— EXERCISE INSTRUCTIONS —
Copy out the data below. Leave nothing out and alter nothing.

Segment Start: RECORDS SHOWN

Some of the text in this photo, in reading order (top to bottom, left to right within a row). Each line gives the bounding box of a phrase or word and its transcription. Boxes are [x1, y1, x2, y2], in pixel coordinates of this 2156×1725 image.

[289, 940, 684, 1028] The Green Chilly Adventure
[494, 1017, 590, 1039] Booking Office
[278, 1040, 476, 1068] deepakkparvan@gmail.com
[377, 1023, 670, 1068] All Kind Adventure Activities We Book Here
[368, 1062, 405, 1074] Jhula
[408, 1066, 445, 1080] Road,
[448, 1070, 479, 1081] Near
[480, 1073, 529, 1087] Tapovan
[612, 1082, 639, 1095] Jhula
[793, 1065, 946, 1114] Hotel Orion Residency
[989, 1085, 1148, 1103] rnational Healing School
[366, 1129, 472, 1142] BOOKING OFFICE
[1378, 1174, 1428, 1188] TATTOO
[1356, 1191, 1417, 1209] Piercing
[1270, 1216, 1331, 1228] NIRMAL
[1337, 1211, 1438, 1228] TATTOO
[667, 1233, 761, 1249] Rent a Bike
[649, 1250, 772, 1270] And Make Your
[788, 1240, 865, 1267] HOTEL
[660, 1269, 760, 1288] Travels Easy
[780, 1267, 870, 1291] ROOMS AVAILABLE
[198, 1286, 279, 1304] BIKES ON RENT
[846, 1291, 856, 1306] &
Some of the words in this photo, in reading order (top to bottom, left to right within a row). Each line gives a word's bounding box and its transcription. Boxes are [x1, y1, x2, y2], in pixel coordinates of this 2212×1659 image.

Segment End: RECORDS SHOWN

— ANSWER TO THE PROBLEM —
Some of the text in this photo, in reading order (top to bottom, left to right within a row). Each line gives the bounding box of a phrase or word and its transcription. Boxes are [x1, y1, x2, y2], in pixel coordinates of this 2156×1725 image.

[289, 940, 684, 1028] The Green Chilly Adventure
[494, 1017, 590, 1039] Booking Office
[278, 1040, 476, 1068] deepakkparvan@gmail.com
[377, 1023, 670, 1068] All Kind Adventure Activities We Book Here
[368, 1062, 405, 1074] Jhula
[408, 1066, 445, 1080] Road,
[448, 1070, 479, 1081] Near
[480, 1073, 529, 1087] Tapovan
[612, 1082, 639, 1095] Jhula
[793, 1065, 946, 1114] Hotel Orion Residency
[989, 1085, 1148, 1103] rnational Healing School
[366, 1129, 472, 1142] BOOKING OFFICE
[1378, 1174, 1428, 1188] TATTOO
[1356, 1191, 1417, 1209] Piercing
[1270, 1216, 1331, 1228] NIRMAL
[1337, 1211, 1438, 1228] TATTOO
[667, 1233, 761, 1249] Rent a Bike
[649, 1250, 772, 1270] And Make Your
[788, 1240, 865, 1267] HOTEL
[660, 1269, 760, 1288] Travels Easy
[780, 1267, 870, 1291] ROOMS AVAILABLE
[198, 1286, 279, 1304] BIKES ON RENT
[846, 1291, 856, 1306] &
Some of the words in this photo, in reading order (top to bottom, left to right within a row). Each line gives a word's bounding box and its transcription. Boxes are [x1, y1, x2, y2], in pixel coordinates of this 2212×1659 image.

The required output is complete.